A double take in black & white
When Kylie Hodgson gave birth to twin daughters by caesarean section, she was just relieved that they had arrived safely. It was only when the midwife handed them over for her to hold that she noticed the difference between them.
Remee, who weighed 5lb 15oz, was blonde and fair skinned. Her sister Kian, born a minute later weighing 6lb, was black. "It was a shock when I realized that my twins were two different colors," said Kylie, 19. "But it doesn't matter to us - they are just our two gorgeous little girls."
The amazing conception happened after two eggs were fertilized at the same time in the womb.
Both Kylie and her partner Remi Horder, 17, are of mixed race. Their mothers are both white and their fathers are black.
According to the Multiple Births Foundation, baby Kian must have inherited the black genes from both sides of the family, whilst Remee inherited the white ones.
"I noticed that both of them had beautiful blue eyes, but whilst Remee was blonde, Kian's hair was black and she had darker skin.
"It seemed strange, but I was feeling so ill that I didn't really take it in at that stage."
The next day she mentioned the color difference to her mother, who told her that Remee's skin would darken as she grew older.
But as the weeks passed, Remee became lighter still while Kian went darker.

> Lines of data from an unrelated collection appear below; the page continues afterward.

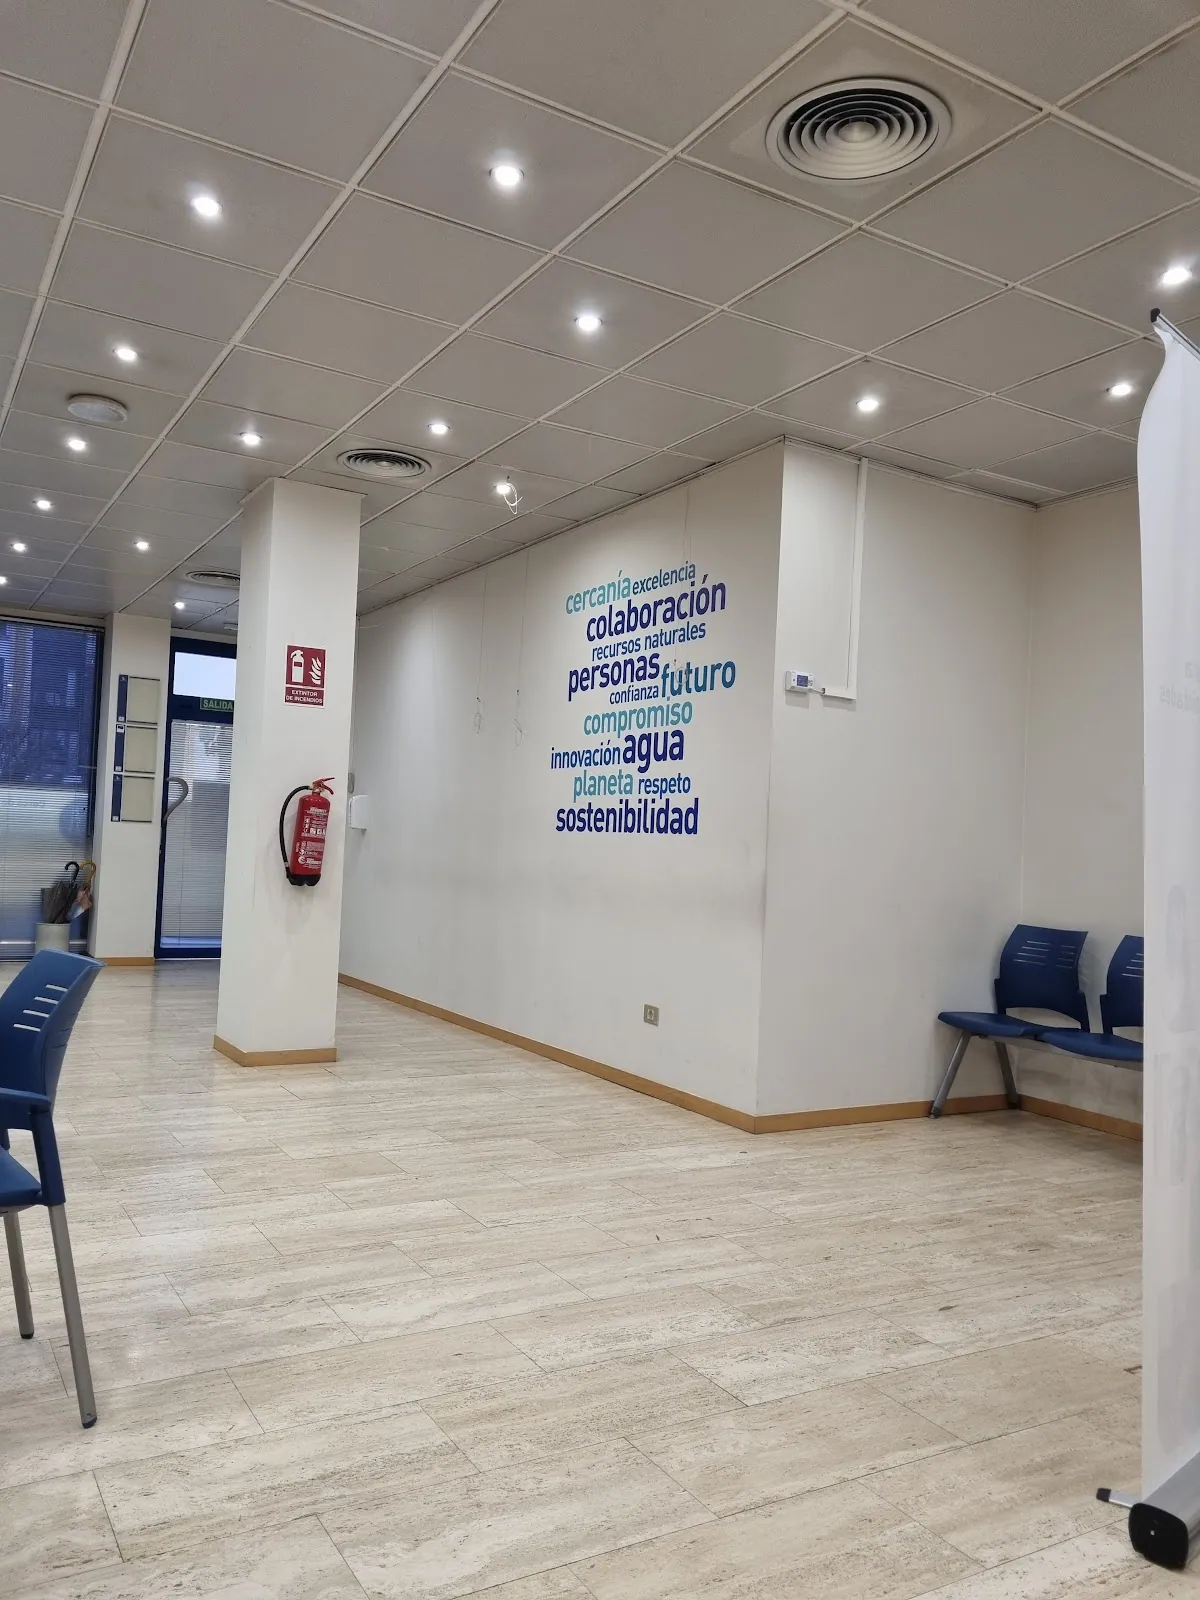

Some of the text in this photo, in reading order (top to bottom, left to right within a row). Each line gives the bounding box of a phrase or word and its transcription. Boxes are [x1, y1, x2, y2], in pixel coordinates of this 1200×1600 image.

[565, 561, 696, 614] cercanía excelencia
[586, 574, 726, 642] colaboración
[592, 621, 706, 661] recursos naturales
[568, 652, 736, 701] personas futuro
[609, 684, 659, 704] confianza
[203, 699, 233, 710] SALIDA
[294, 696, 323, 704] INCENDIOS
[583, 696, 693, 738] compromiso
[550, 729, 685, 773] innovación agua
[573, 769, 691, 803] planeta respeto
[555, 797, 699, 835] sostenibilidad

And while Remee's eyes stayed blue, Kian's turned brown.
"There are some similarities between them," said their mother. "They both love apples and grapes, and their favorite television program is Teletubbies.
"If they haven't seen each other for a few hours, they are so pleased To see each other and will hold out their arms, wanting to hug each other. And their smiles just light up their faces.
"I'll explain it all to them when they get older about why they look so different."
The odds against of a mixed race couple having twins of dramatically different color are a million to one. If a sperm containing all-white genes fuses with a similar egg and a sperm coding for purely black skin fuses with a similar egg, two babies of dramatically different colors will be born.
The odds of this happening are 100 x 100 x 100 - a million to one.